** Opening Provided records block **
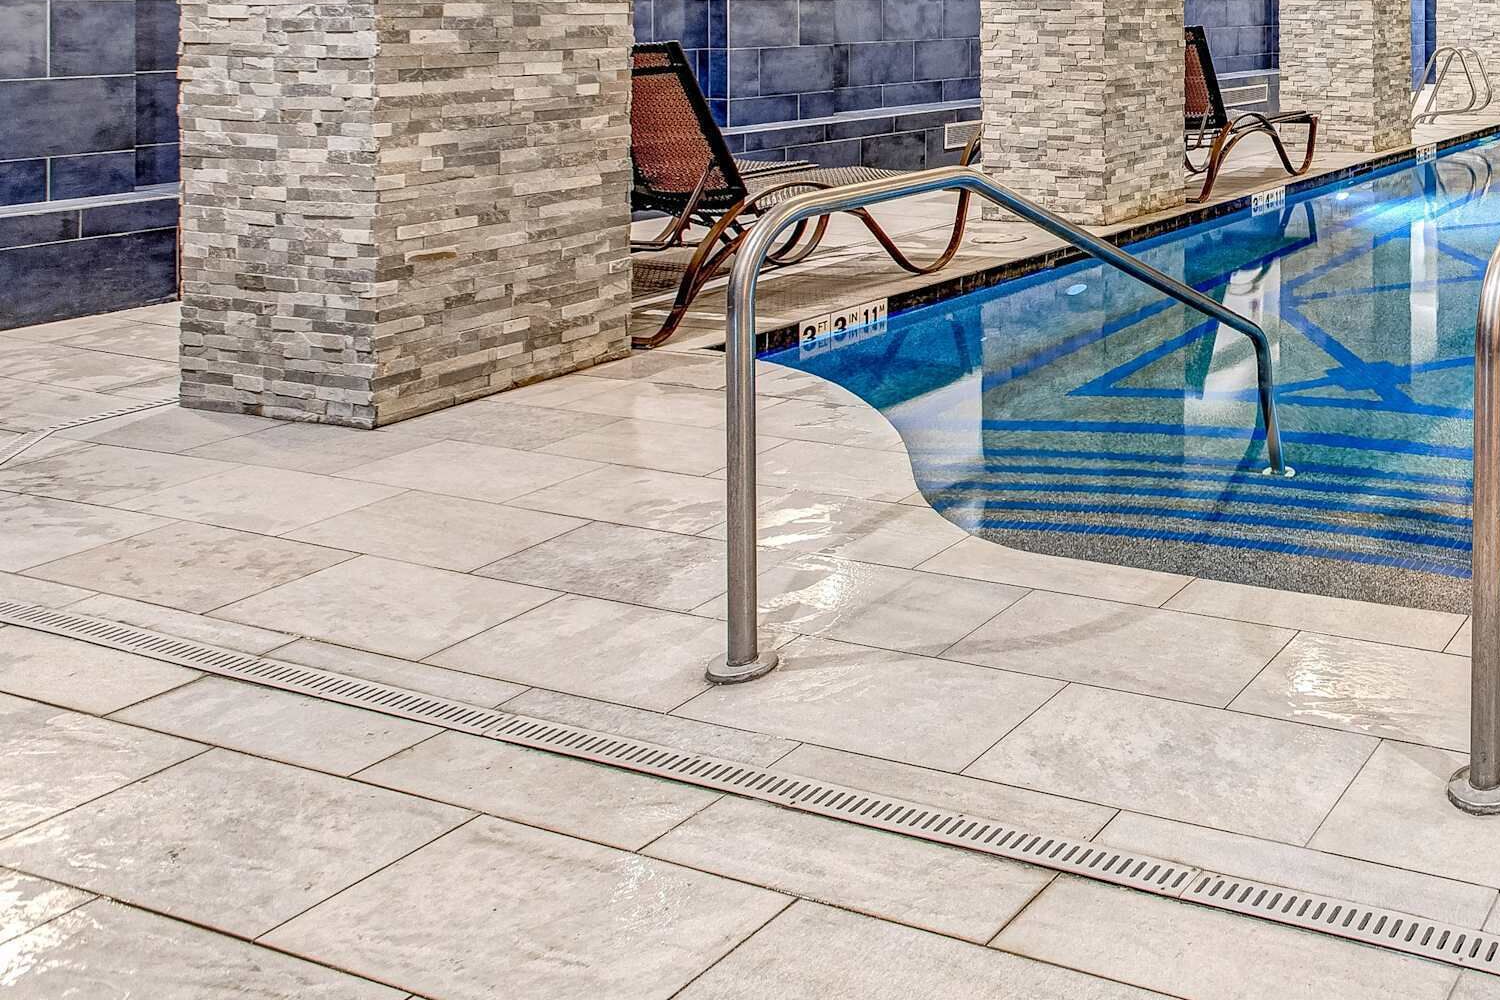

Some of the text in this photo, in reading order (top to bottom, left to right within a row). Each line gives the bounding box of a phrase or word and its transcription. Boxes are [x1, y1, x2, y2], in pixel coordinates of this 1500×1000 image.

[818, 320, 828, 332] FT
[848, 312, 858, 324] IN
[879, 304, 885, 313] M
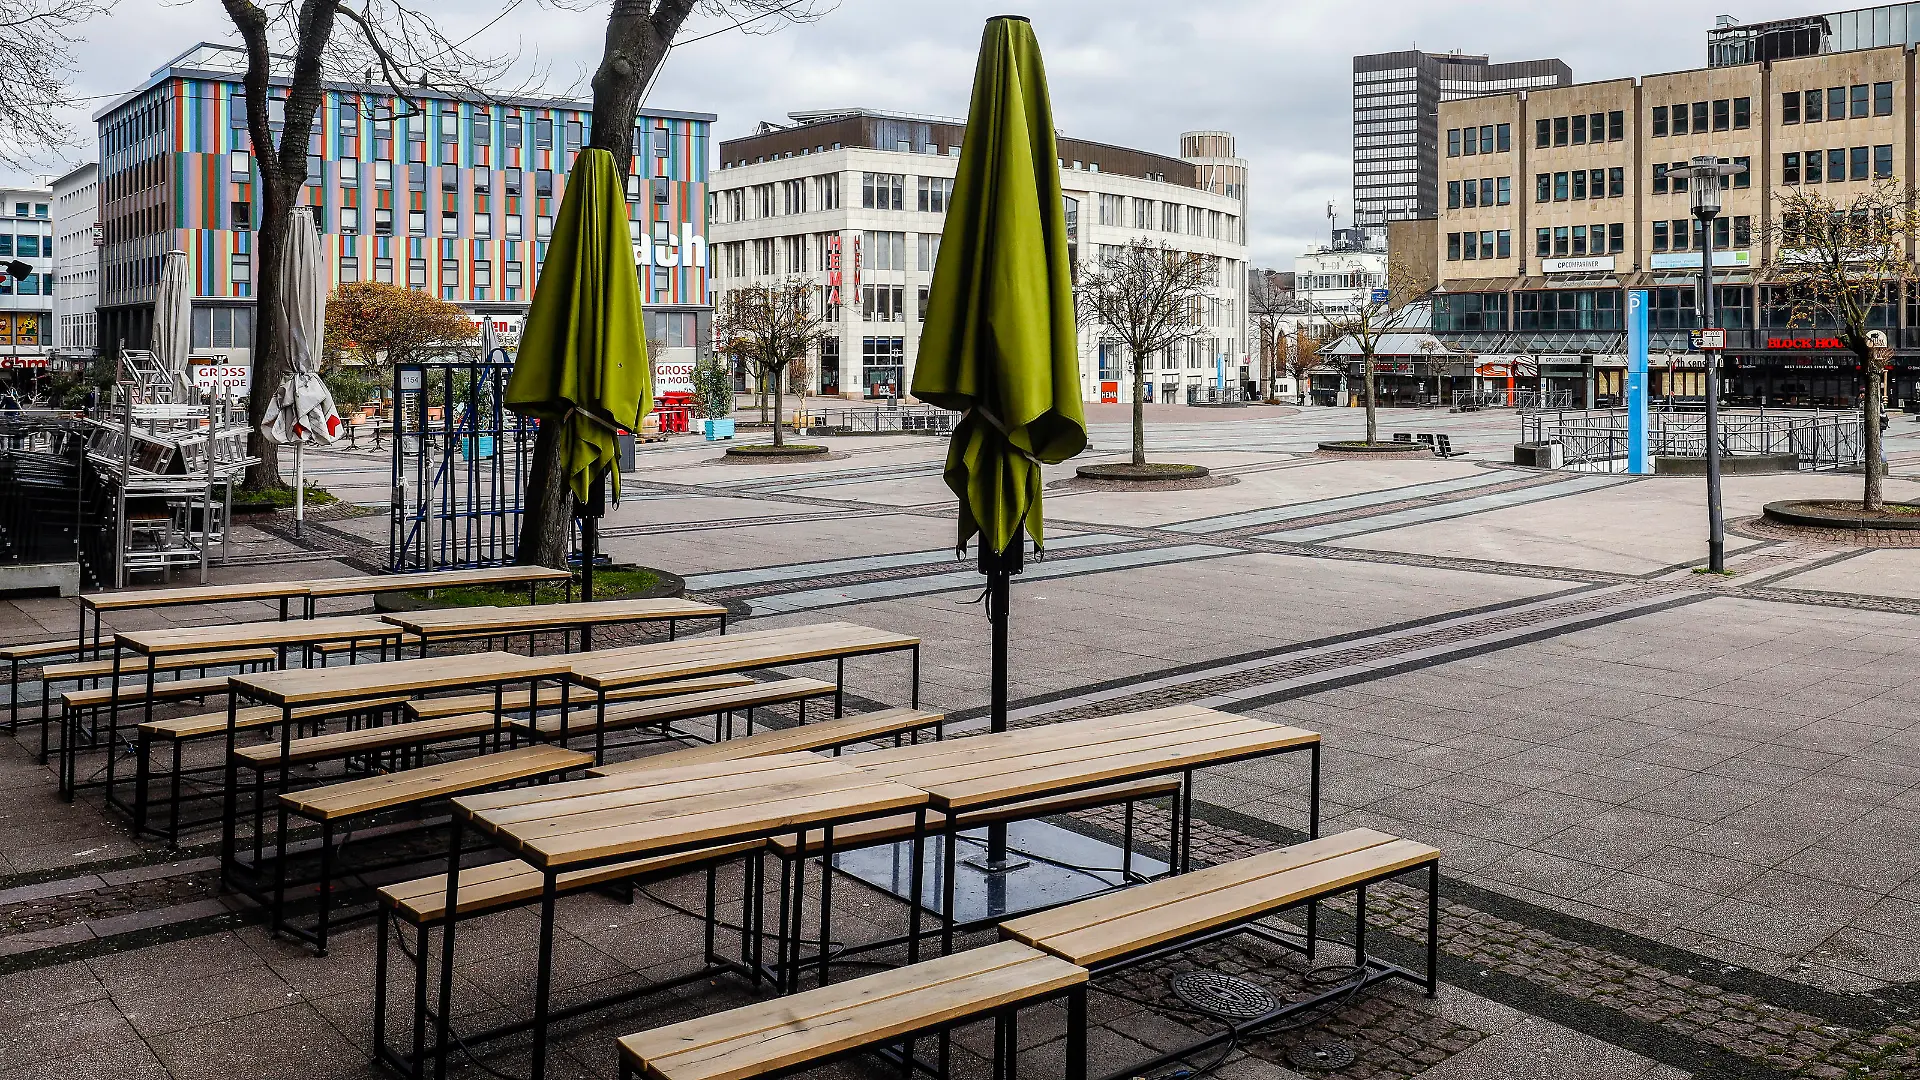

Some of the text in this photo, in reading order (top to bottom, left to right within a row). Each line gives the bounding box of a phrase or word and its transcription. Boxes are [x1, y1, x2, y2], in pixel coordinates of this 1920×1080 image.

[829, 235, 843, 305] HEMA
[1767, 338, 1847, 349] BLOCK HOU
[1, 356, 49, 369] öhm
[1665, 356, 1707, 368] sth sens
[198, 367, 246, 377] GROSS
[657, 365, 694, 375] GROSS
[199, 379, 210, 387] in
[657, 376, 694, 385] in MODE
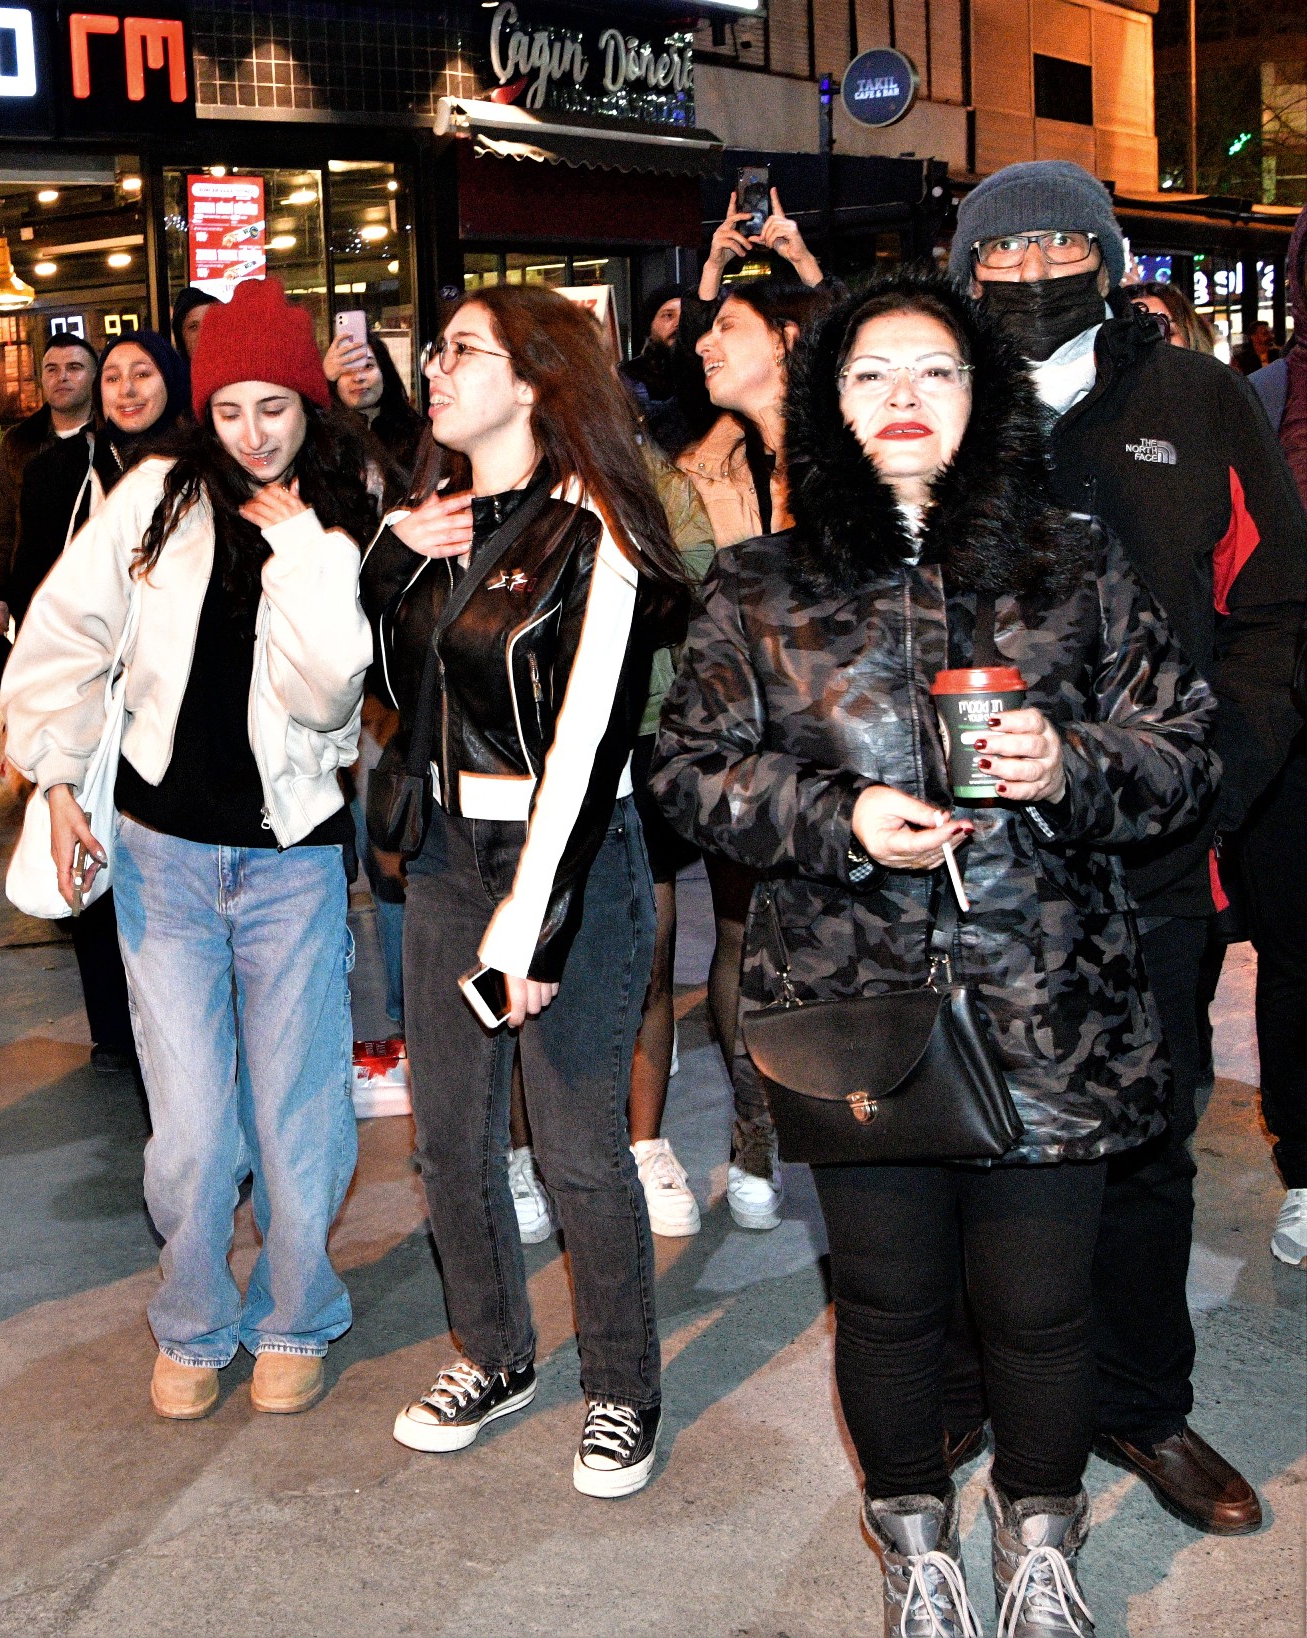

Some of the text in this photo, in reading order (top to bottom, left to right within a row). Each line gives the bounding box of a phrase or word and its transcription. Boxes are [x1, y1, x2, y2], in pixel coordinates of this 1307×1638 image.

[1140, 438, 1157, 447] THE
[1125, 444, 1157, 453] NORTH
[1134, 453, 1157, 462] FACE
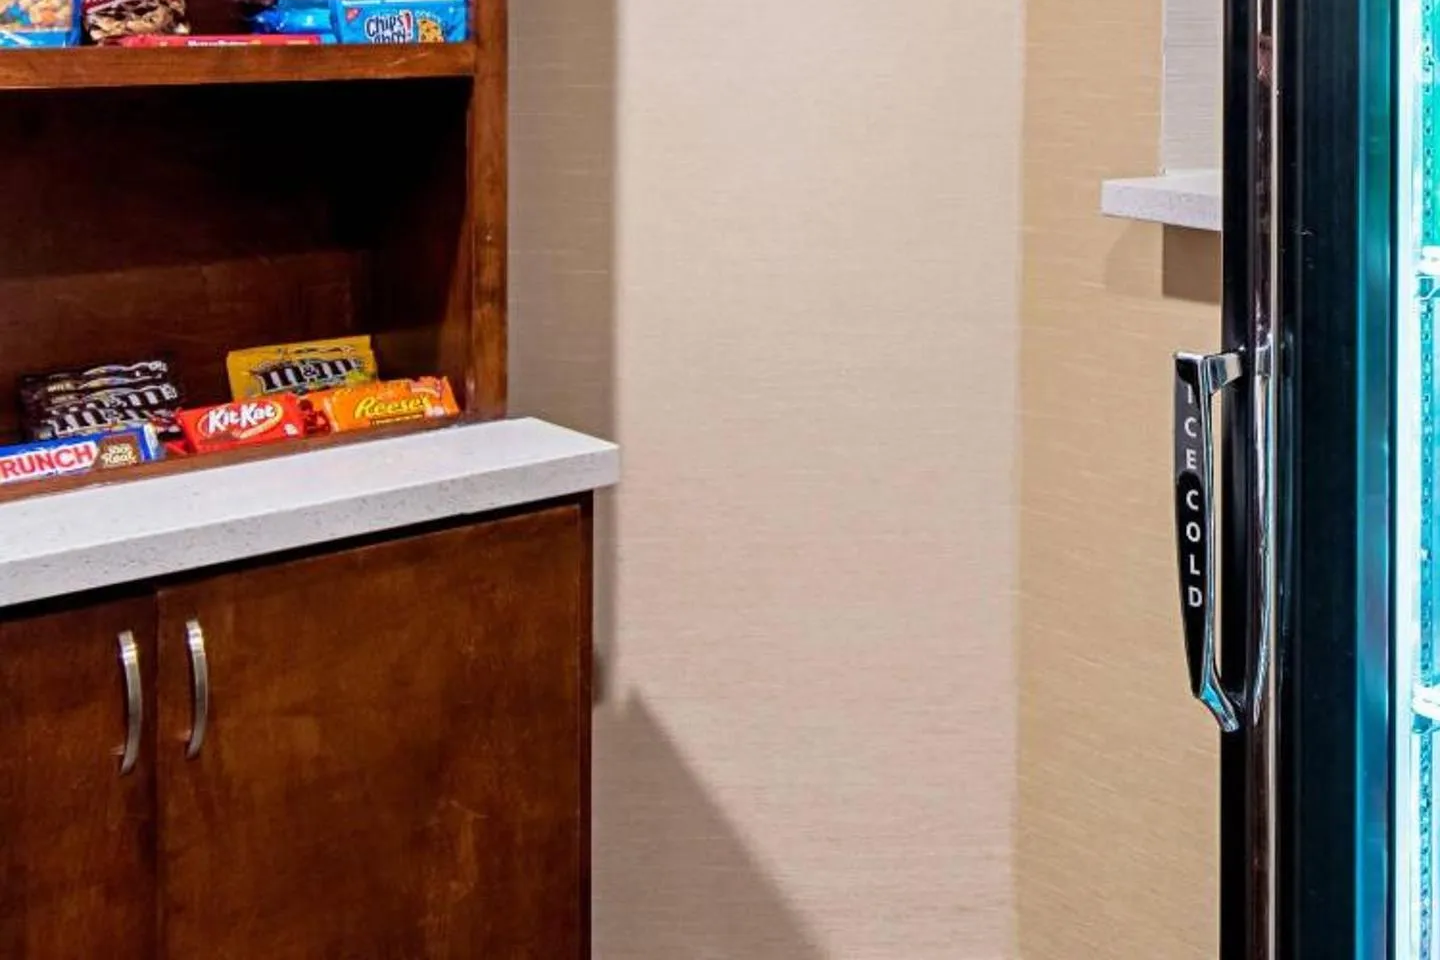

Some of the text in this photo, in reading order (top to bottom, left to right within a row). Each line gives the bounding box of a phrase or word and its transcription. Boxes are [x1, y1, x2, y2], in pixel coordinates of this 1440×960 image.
** Closing Provided records block **
To do:
Each line above should be written out again exactly, and no picture should appear in the copy.

Task solution:
Some of the text in this photo, in reading order (top to bottom, left to right within a row). Each line gives the bounding box of a phrase or word and its transcription. Boxes are [x1, y1, x2, y2], in pixel coordinates of this 1500×1000 image.

[818, 320, 828, 332] FT
[848, 312, 858, 324] IN
[879, 304, 885, 313] M

Some of the text in this photo, in reading order (top to bottom, left to right within a row). Each line gives the bounding box of a phrase or word and its transcription. Boxes are [x1, y1, x2, y2], in pixel coordinates of this 1920×1080 image.

[829, 235, 843, 305] HEMA
[1767, 338, 1847, 349] BLOCK HOU
[1, 356, 49, 369] öhm
[1665, 356, 1707, 368] sth sens
[198, 367, 246, 377] GROSS
[657, 365, 694, 375] GROSS
[199, 379, 210, 387] in
[657, 376, 694, 385] in MODE

Some of the text in this photo, in reading order (top to bottom, left to right within a row). Each line gives the bounding box of a phrase or word and its transcription. Boxes are [x1, y1, x2, y2], in pixel coordinates of this 1307×1638 image.

[1140, 438, 1157, 447] THE
[1125, 444, 1157, 453] NORTH
[1134, 453, 1157, 462] FACE

Some of the text in this photo, in reading order (top to bottom, left to right within a row). Each line gives the bounding box of a phrase or word and its transcription. Boxes are [x1, y1, x2, y2], in pixel coordinates of this 1440×960 image.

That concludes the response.